(Material for this task Opens)

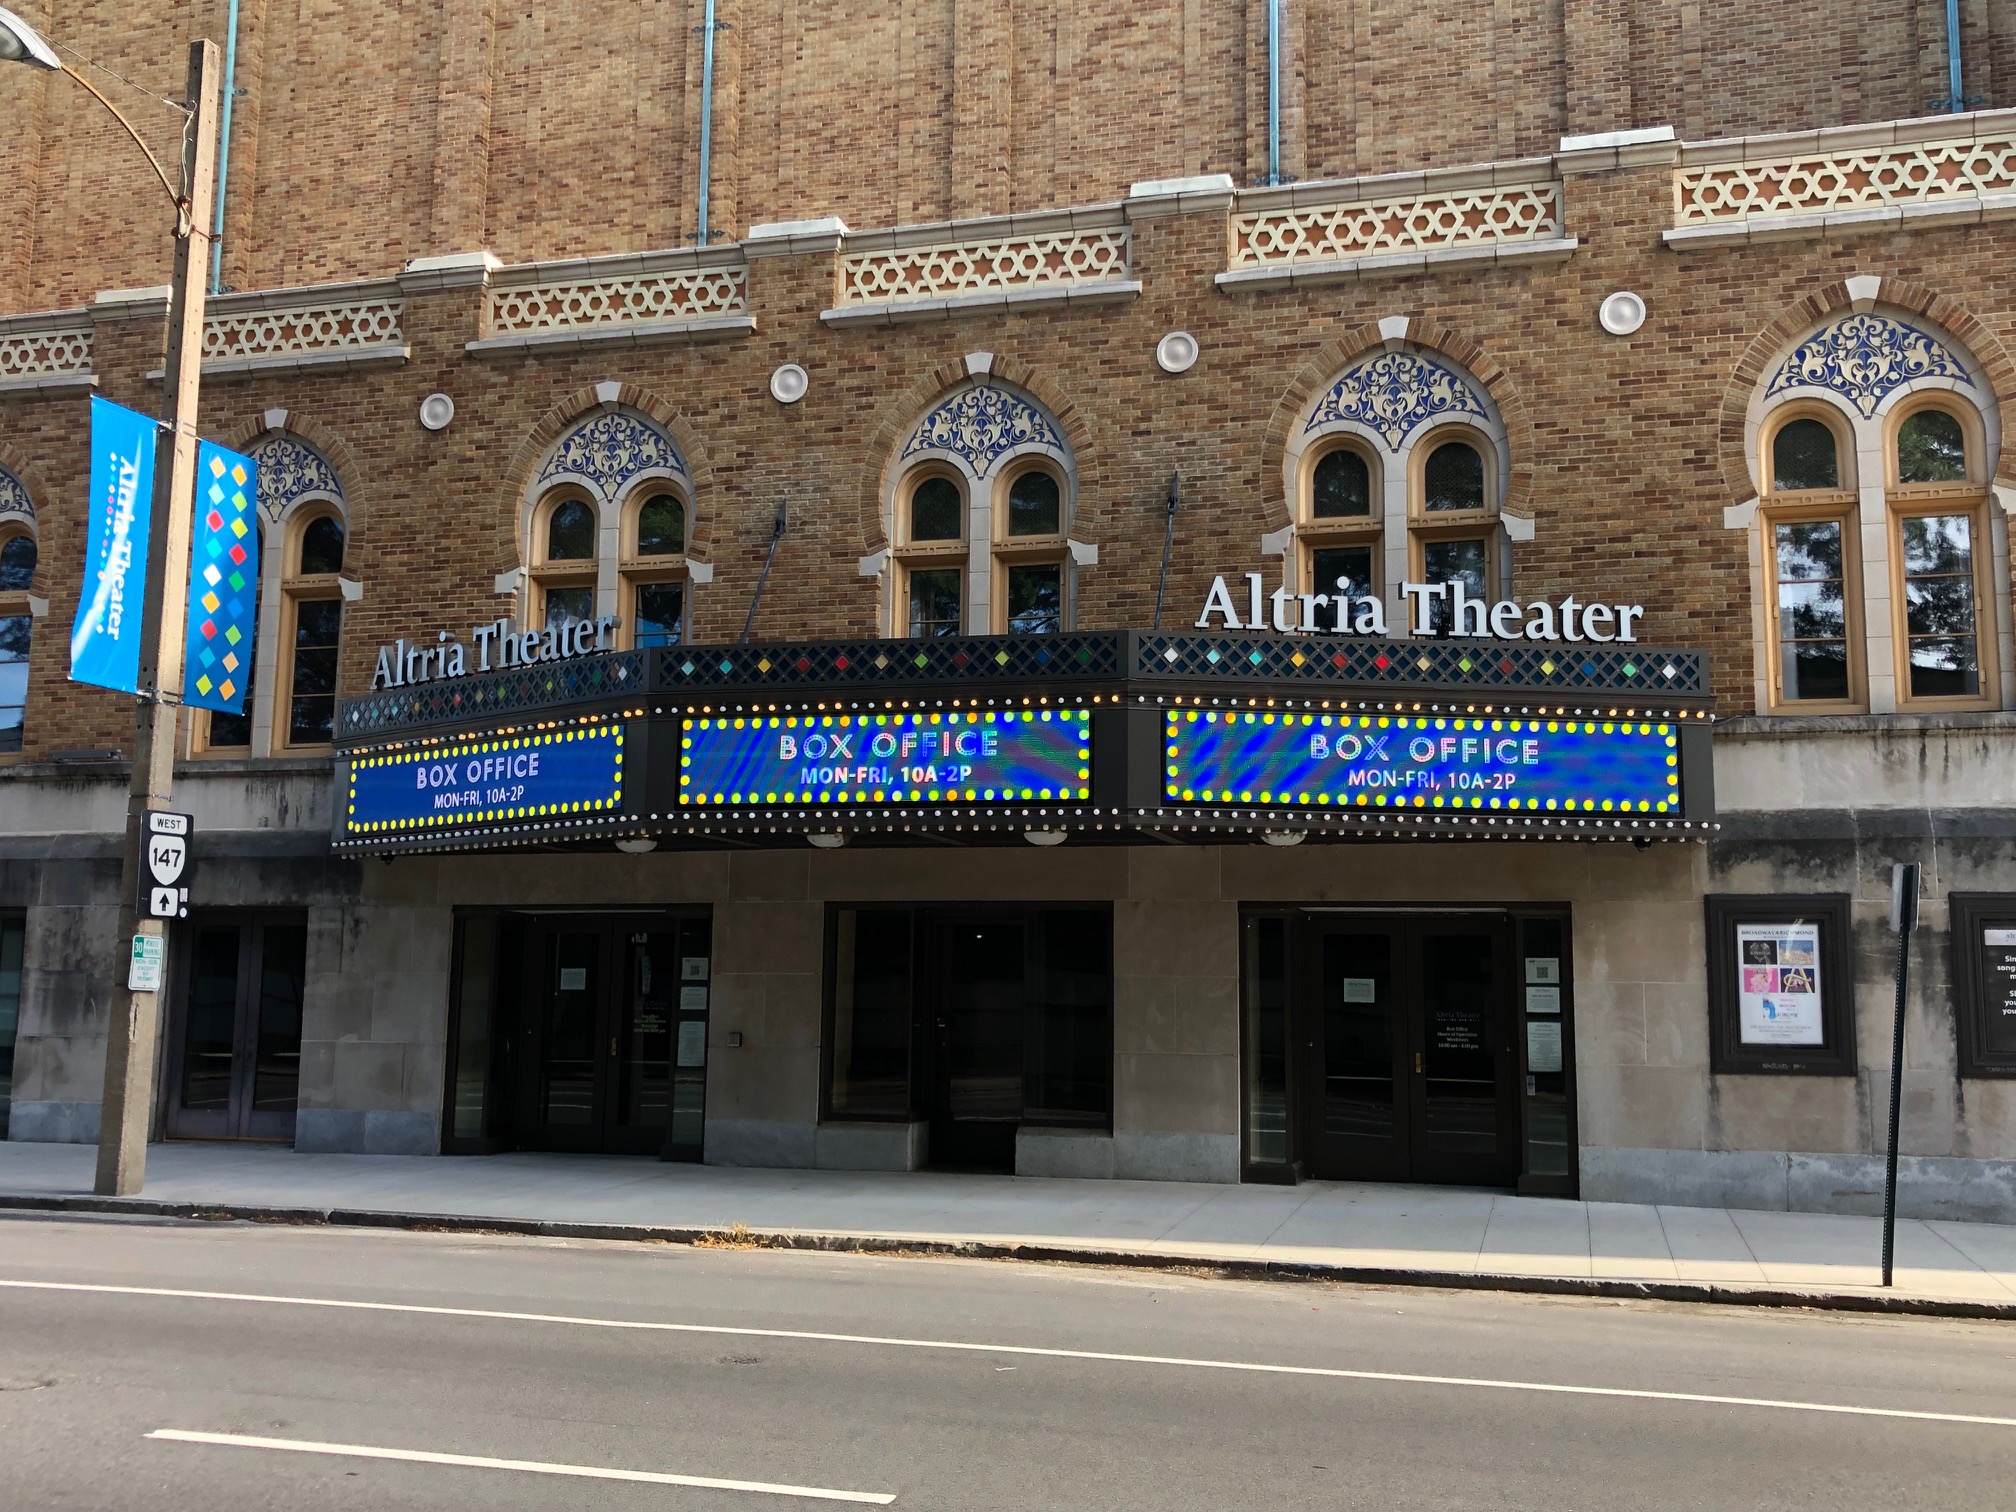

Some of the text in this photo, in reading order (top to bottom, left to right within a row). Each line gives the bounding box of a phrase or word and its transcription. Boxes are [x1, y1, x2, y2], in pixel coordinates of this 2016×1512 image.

[108, 455, 137, 641] Altria Theater
[1195, 573, 1644, 642] Altria Theater
[370, 616, 621, 690] Altria Theater
[780, 730, 998, 760] BOX OFFICE
[1310, 733, 1539, 765] BOX OFFICE
[416, 753, 539, 790] BOX OFFICE
[800, 765, 972, 785] MON-FRI, 10A-2P
[1348, 769, 1516, 791] MON-FRI, 10A-2P
[434, 786, 524, 810] MON-FRI, 10A-2P
[157, 818, 181, 829] WEST
[154, 847, 181, 867] 147
[134, 942, 142, 953] 30

(Material for this task Closes)

Without including any picture, print all of the entries above exactly.

_Answer area_.
Some of the text in this photo, in reading order (top to bottom, left to right within a row). Each line gives the bounding box of a phrase or word and its transcription. Boxes are [x1, y1, x2, y2], in pixel coordinates of this 2016×1512 image.

[108, 455, 137, 641] Altria Theater
[1195, 573, 1644, 642] Altria Theater
[370, 616, 621, 690] Altria Theater
[780, 730, 998, 760] BOX OFFICE
[1310, 733, 1539, 765] BOX OFFICE
[416, 753, 539, 790] BOX OFFICE
[800, 765, 972, 785] MON-FRI, 10A-2P
[1348, 769, 1516, 791] MON-FRI, 10A-2P
[434, 786, 524, 810] MON-FRI, 10A-2P
[157, 818, 181, 829] WEST
[154, 847, 181, 867] 147
[134, 942, 142, 953] 30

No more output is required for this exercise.